====== RECORDED DATA ======

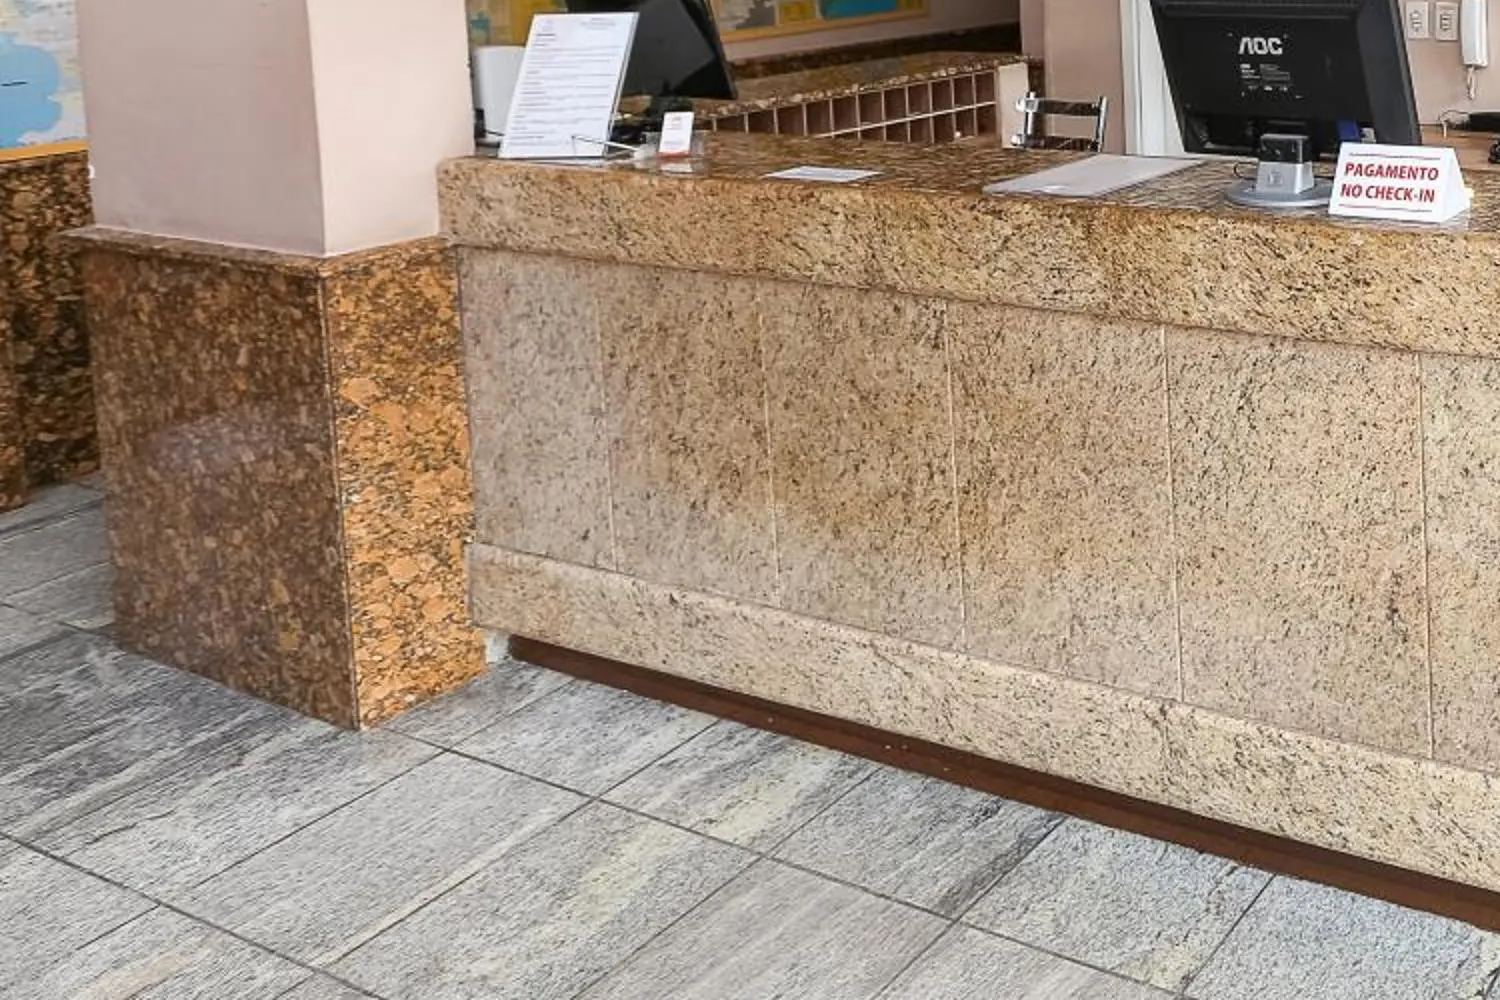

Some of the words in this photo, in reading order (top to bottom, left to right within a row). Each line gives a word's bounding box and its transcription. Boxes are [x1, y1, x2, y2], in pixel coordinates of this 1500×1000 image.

[1238, 37, 1283, 54] AOC
[1344, 163, 1439, 181] PAGAMENTO
[1341, 183, 1362, 198] NO
[1365, 185, 1435, 203] CHECK-IN

======

TASK STATEMENT:
Repeat the listing above verbatim, but exclude the pictures it contains.

SOLUTION TO THE EXERCISE:
Some of the words in this photo, in reading order (top to bottom, left to right within a row). Each line gives a word's bounding box and its transcription. Boxes are [x1, y1, x2, y2], in pixel coordinates of this 1500×1000 image.

[1238, 37, 1283, 54] AOC
[1344, 163, 1439, 181] PAGAMENTO
[1341, 183, 1362, 198] NO
[1365, 185, 1435, 203] CHECK-IN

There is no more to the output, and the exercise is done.